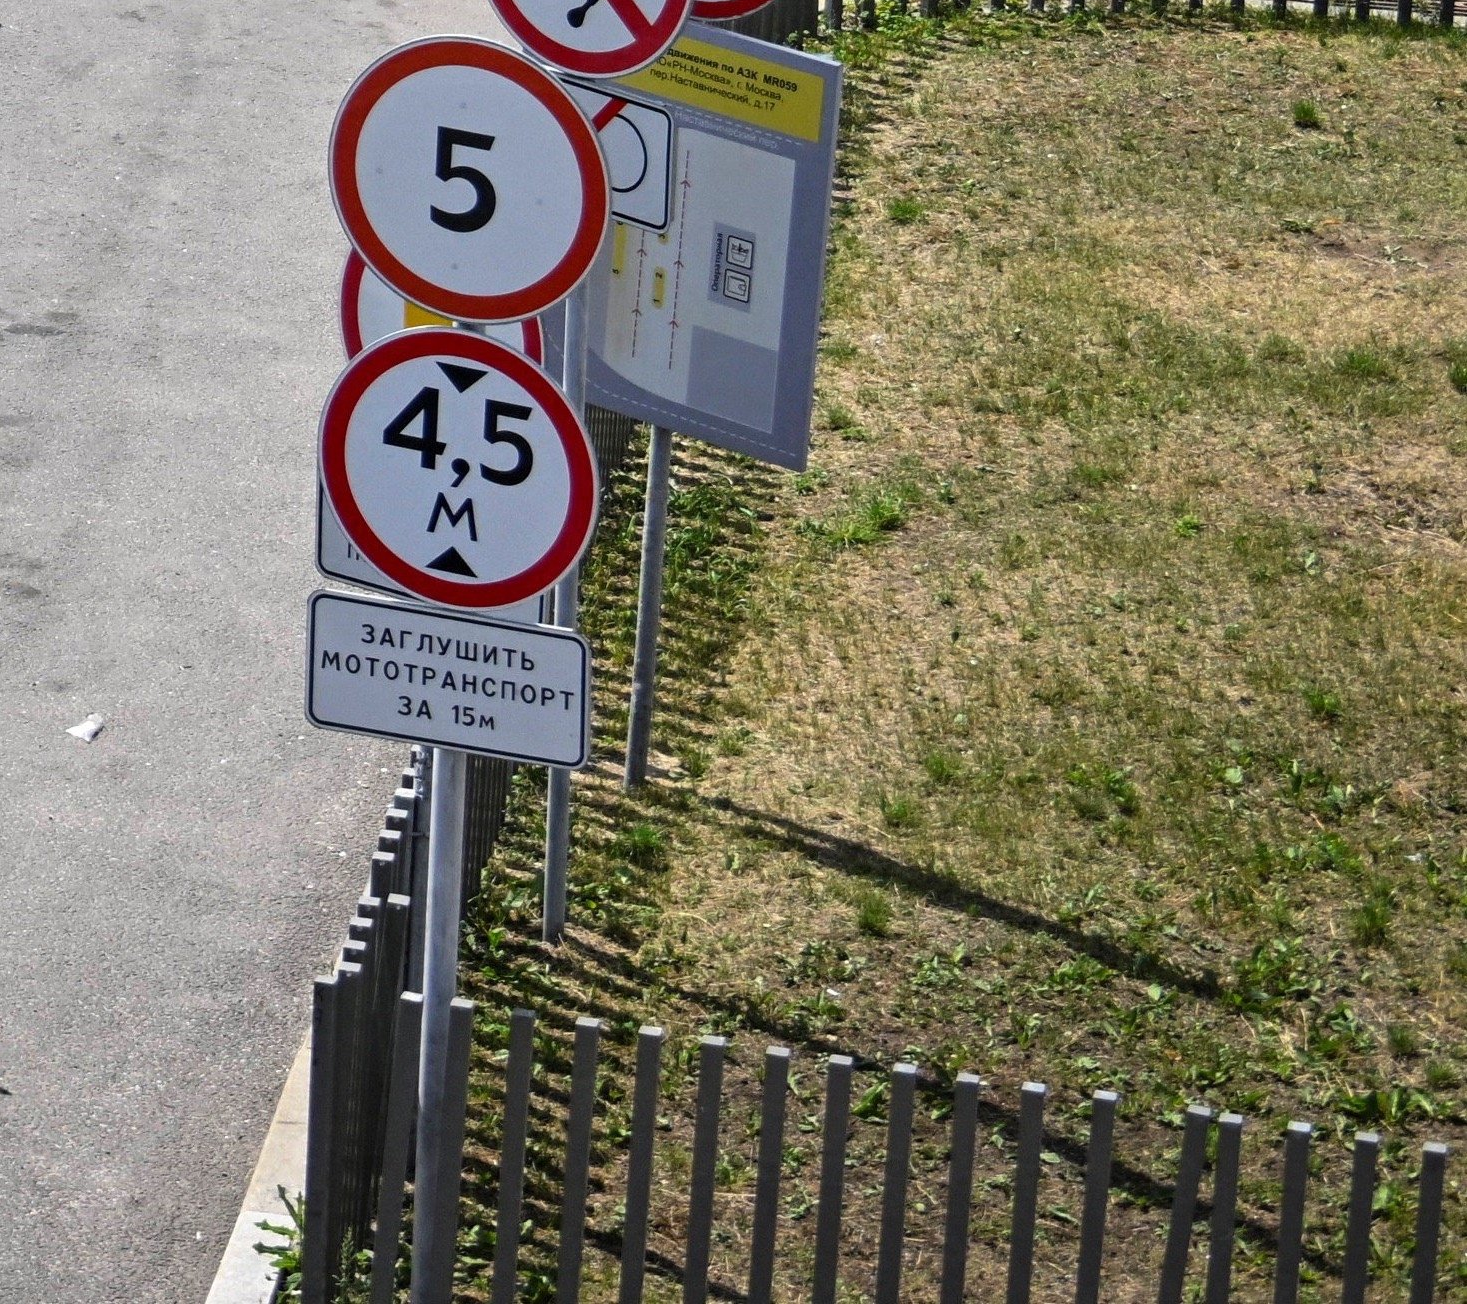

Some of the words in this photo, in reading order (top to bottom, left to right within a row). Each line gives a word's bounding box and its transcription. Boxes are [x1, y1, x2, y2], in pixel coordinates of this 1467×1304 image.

[666, 48, 719, 69] движения
[721, 63, 734, 74] по
[737, 67, 758, 81] АЗК
[762, 73, 798, 93] MR059
[429, 124, 497, 233] 5
[383, 386, 534, 489] 4,5
[361, 623, 535, 671] ЗАГЛУШИТЬ
[321, 650, 574, 711] МОТОТРАНСПОРТ
[397, 695, 433, 720] ЗА
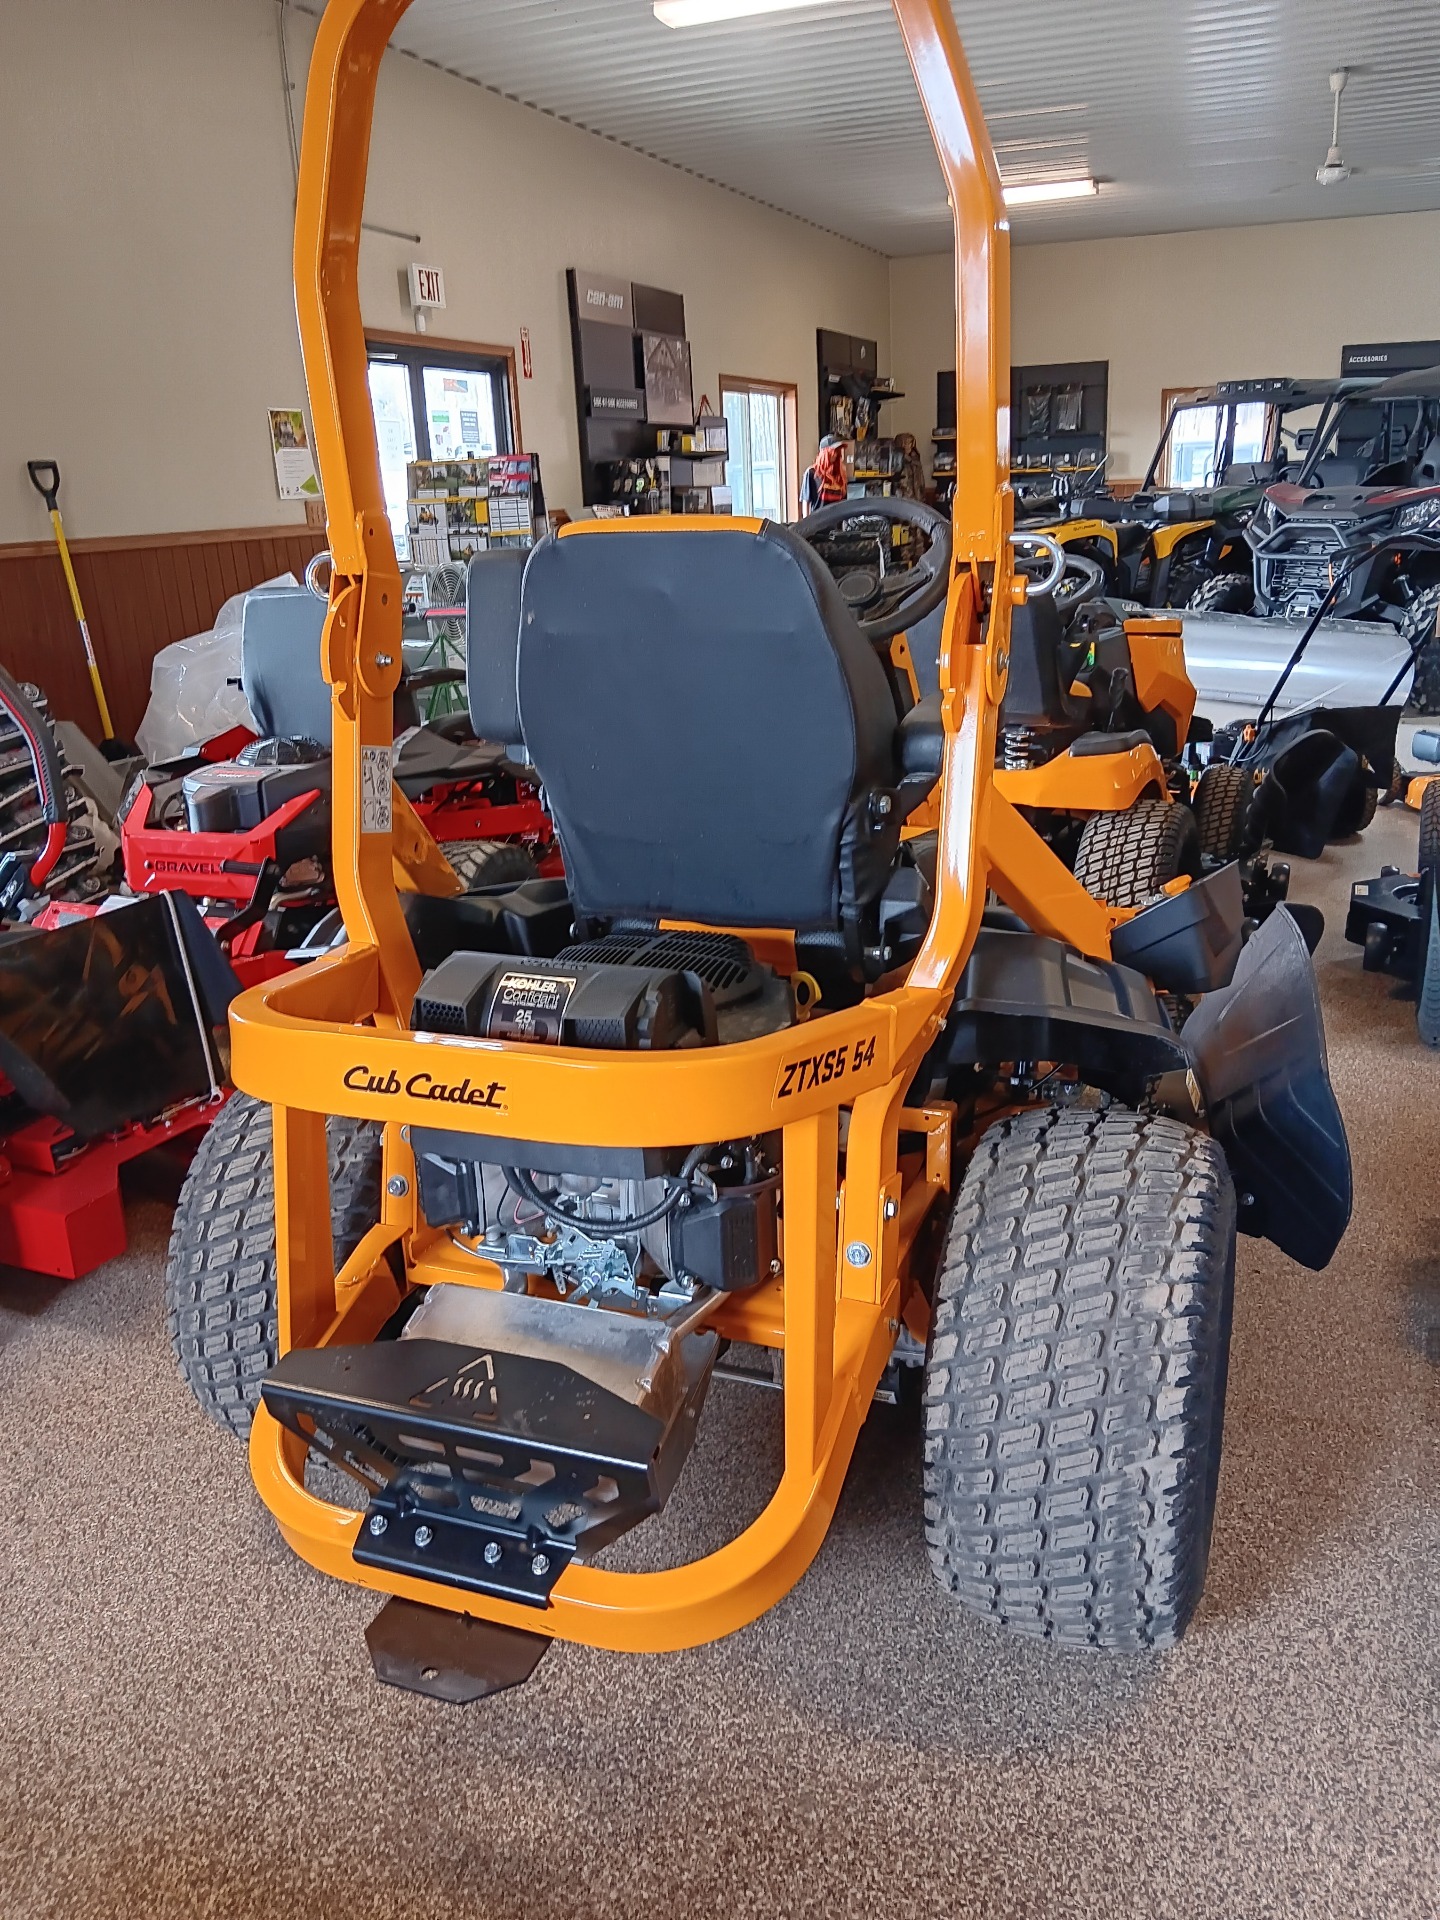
------------------------
Exercise prompt: Copy the listing exactly but drop its images.

Answer section:
Some of the words in this photo, in reading order (top to bottom, left to right within a row). Each line gives a word's bounding box and its transcription. Boxes are [x1, y1, x2, y2], in pixel coordinates of this 1467×1304 image.

[666, 48, 719, 69] движения
[721, 63, 734, 74] по
[737, 67, 758, 81] АЗК
[762, 73, 798, 93] MR059
[429, 124, 497, 233] 5
[383, 386, 534, 489] 4,5
[361, 623, 535, 671] ЗАГЛУШИТЬ
[321, 650, 574, 711] МОТОТРАНСПОРТ
[397, 695, 433, 720] ЗА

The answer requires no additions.